Elle nous regarde maintenant… mais de loin… comme si nous n'étions pas dans sa chambre… M. Stangerson rompt le silence. M. Stangerson déclare que, désormais, il ne quittera plus l'appartement de sa fille. C'est en vain que celle-ci veut s'opposer à cette volonté formelle, M. Stangerson tient bon. Il s'y installera dès cette nuit même, dit-il. Sur quoi, uniquement occupé de la santé de sa fille, il lui reproche de s'être levée… puis il lui tient soudain de petits discours enfantins… Il lui sourit… il ne sait plus beaucoup ni ce qu'il dit, ni ce qu'il fait… L'illustre professeur perd la tête… Il répète des mots sans suite qui attestent le désarroi de son esprit… celui du nôtre n'est guère moindre. Mlle Stangerson dit alors, avec une voix si douloureuse, ces simples mots: «Mon père! mon père!» que celui-ci éclate en sanglots. Le père Jacques se mouche et Frédéric Larsan, lui-même, est obligé de se détourner pour cacher son émotion. Moi, je n'en peux plus… je ne pense plus, je ne sens plus, je suis au-dessous du végétal. Je me dégoûte.

C'est la première fois que Frédéric Larsan se trouve, comme moi, en face de Mlle Stangerson, depuis l'attentat de la «Chambre Jaune». Comme moi, il avait insisté pour pouvoir interroger la malheureuse; mais, pas plus que moi, il n'avait été reçu. À lui comme à moi, on avait toujours fait la même réponse: Mlle Stangerson était trop faible pour nous recevoir, les interrogatoires du juge d'instruction la fatiguaient suffisamment, etc… Il y avait là une mauvaise volonté évidente à nous aider dans nos recherches qui, «moi», ne me surprenait pas, mais qui étonnait toujours Frédéric Larsan. Il est vrai que Frédéric Larsan et moi avons une conception du crime tout à fait différente…

… Ils pleurent… Et je me surprends encore à répéter au fond de moi: La sauver!… la sauver malgré elle! la sauver sans la compromettre! La sauver sans qu'«il» parle!

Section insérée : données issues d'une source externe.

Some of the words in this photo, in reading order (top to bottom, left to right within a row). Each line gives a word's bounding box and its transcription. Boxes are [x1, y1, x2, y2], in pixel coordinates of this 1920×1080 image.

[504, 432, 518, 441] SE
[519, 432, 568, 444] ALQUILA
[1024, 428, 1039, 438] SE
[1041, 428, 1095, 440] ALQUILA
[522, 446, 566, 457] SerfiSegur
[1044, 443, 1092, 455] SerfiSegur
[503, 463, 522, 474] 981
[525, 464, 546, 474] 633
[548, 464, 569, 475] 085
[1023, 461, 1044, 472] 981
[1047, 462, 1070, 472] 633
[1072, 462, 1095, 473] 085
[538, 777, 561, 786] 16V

Qui: «il?»—«Il», l'assassin… Le prendre et lui fermer la bouche!… Mais M. Darzac l'a fait entendre: «pour lui fermer la bouche, il faut le tuer!» Conclusion logique des phrases échappées à M. Darzac. Ai-je le droit de tuer l'assassin de Mlle Stangerson? Non!… Mais qu'il m'en donne seulement l'occasion. Histoire de voir s'il est bien, réellement, en chair et en os! Histoire de voir son cadavre, puisqu'on ne peut saisir son corps vivant!

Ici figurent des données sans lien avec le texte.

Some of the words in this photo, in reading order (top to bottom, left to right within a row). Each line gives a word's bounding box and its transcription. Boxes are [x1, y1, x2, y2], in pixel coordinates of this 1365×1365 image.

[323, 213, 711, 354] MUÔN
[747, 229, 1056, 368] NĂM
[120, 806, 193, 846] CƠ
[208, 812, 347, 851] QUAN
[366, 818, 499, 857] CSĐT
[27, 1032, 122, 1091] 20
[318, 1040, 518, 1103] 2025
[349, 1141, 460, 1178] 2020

Ah! comment faire comprendre à cette femme, qui ne nous regarde même pas, qui est toute à son effroi et à la douleur de son père, que je suis capable de tout pour la sauver… Oui… oui… je recommencerai à prendre ma raison par le bon bout et j'accomplirai des prodiges…

Je m'avance vers elle… je veux parler, je veux la supplier d'avoir confiance en moi… je voudrais lui faire entendre par quelques mots, compris d'elle seule et de moi, que je sais comment son assassin est sorti de la «Chambre Jaune», que j'ai deviné la moitié de son secret… et que je la plains, elle, de tout mon cœur… Mais déjà son geste nous prie de la laisser seule, exprime la lassitude, le besoin de repos immédiat… M. Stangerson nous demande de regagner nos chambres, nous remercie, nous renvoie… Frédéric Larsan et moi saluons, et, suivis du père Jacques, nous regagnons la galerie. J'entends Frédéric Larsan qui murmure: «Bizarre! bizarre!…» Il me fait signe d'entrer dans sa chambre. Sur le seuil, il se retourne vers le père Jacques. Il lui demande:

«Vous l'avez bien vu, vous?

—Qui?

—L'homme!

—Si je l'ai vu!… Il avait une large barbe rousse, des cheveux roux…

—C'est ainsi qu'il m'est apparu, à moi, fis-je.

—Et à moi aussi», dit Frédéric Larsan.

Le grand Fred et moi nous sommes seuls, maintenant, à parler de la chose, dans sa chambre. Nous en parlons une heure, retournant l'affaire dans tous les sens. Il est clair que Fred, aux questions qu'il me pose, aux explications qu'il me donne, est persuadé—malgré ses yeux, malgré mes yeux, malgré tous les yeux—que l'homme a disparu par quelque passage secret de ce château qu'il connaissait.

«Car il connaît le château, me dit-il; il le connaît bien…

—C'est un homme de taille plutôt grande, bien découplé…

—Il a la taille qu'il faut… murmure Fred…

—Je vous comprends, dis-je… mais comment expliquez-vous la barbe rousse, les cheveux roux?

—Trop de barbe, trop de cheveux… Des postiches, indique Frédéric Larsan.

—C'est bientôt dit… Vous êtes toujours occupé par la pensée de Robert Darzac… Vous ne pourrez donc vous en débarrasser jamais?… Je suis sûr, moi, qu'il est innocent…

—Tant mieux! Je le souhaite… mais vraiment tout le condamne… Vous avez remarqué les pas sur le tapis?… Venez les voir…

—Je les ai vus… Ce sont «les pas élégants» du bord de l'étang.

—Ce sont les pas de Robert Darzac; le nierez-vous?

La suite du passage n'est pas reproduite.